Well, really, what I'm looking for is something that instead of saying "all tests are green, everything is fine" says "all the tests we ran were green, but there were various that were *not* run so YMMV". I think what I'm really looking for is something that instead of saying "x tests, y passed" either says "x tests, y passed, z skipped" or simply doesn't include the "skipped" ones in the number of tests being run. In either case, looking at something that says "19 tests, 0 passed, 19 skipped" or simply "0 tests, 0 passed" is vastly more explicit than "19 tests, 19 passed" where in reality 0 were run.
Like, what if a test which doesn't have any assertion is simply not counted? Doesn't make sense to begin with, and then all the preconditions need to do is to bail out and the test doesn't count...
In any case, my complaint here is more about the *perception* of "these tests are all green, everything must be fine" when in fact, none of them have tested anything.
Other Unit Test frameworks support skipping tests. One pattern is to raise a SkipTest exception, in which case the test it added to the "skipped" list.
The good thing about implementing this with exceptions is that it would work nicely even if the particular test runner does not yet know about skipping.
Another nice XPish thing is to mark tests as ToDo - it's an expected failure, but you communicate that you intend to fix it soon.

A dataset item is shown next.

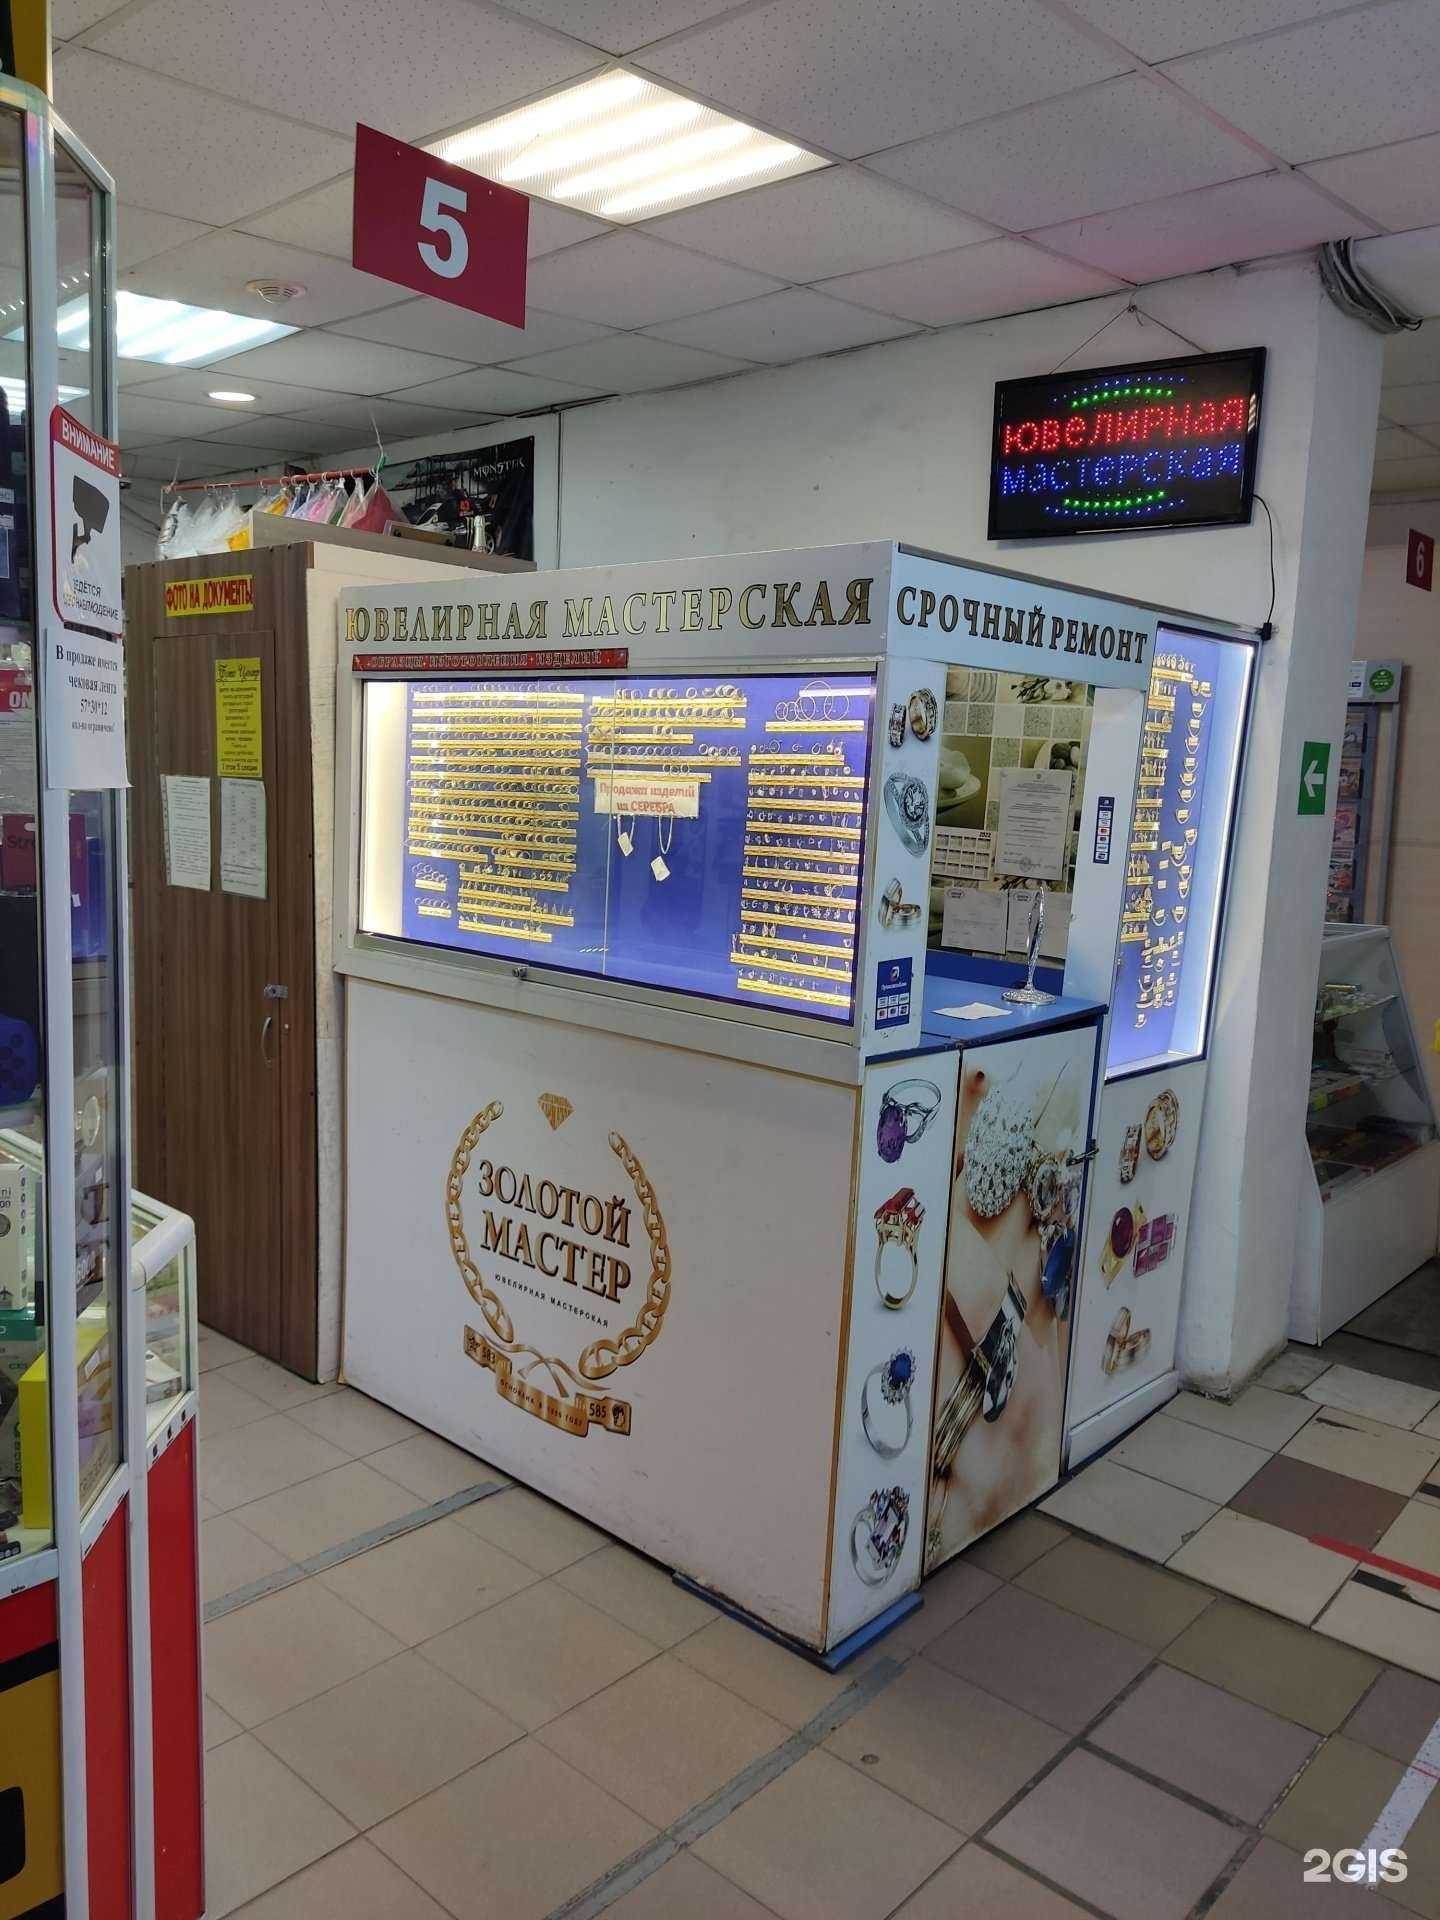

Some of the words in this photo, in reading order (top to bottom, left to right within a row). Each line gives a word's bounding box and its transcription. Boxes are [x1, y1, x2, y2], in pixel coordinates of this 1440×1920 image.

See, e.g., http://twistedmatrix.com/projects/core/documentation/ howto/policy/test-standard.html#auto6
So the circle is closing... exceptions and preconditions again! ;-) So Andreas, want to introduce some ResourceNotAvailable and ToDo exceptions ;-) , or do we get away without them and just throw a PreconditionError that I was suggesting in an earlier thread?
It's all about communicating the test writer's intent to the test runner. And I think I'd prefer "x tests, y passed, z skipped" as Andreas suggested.
As said in the previous mail ToDo's could be easily figured by just sticking to the convention not to even start the method under test, which is a good idea in that case anyhow. As a nice effect one would not even have to touch the tests later when the method under test gets implemented.
However, you wouldn't get the "unexpected success" mentioned in the link above.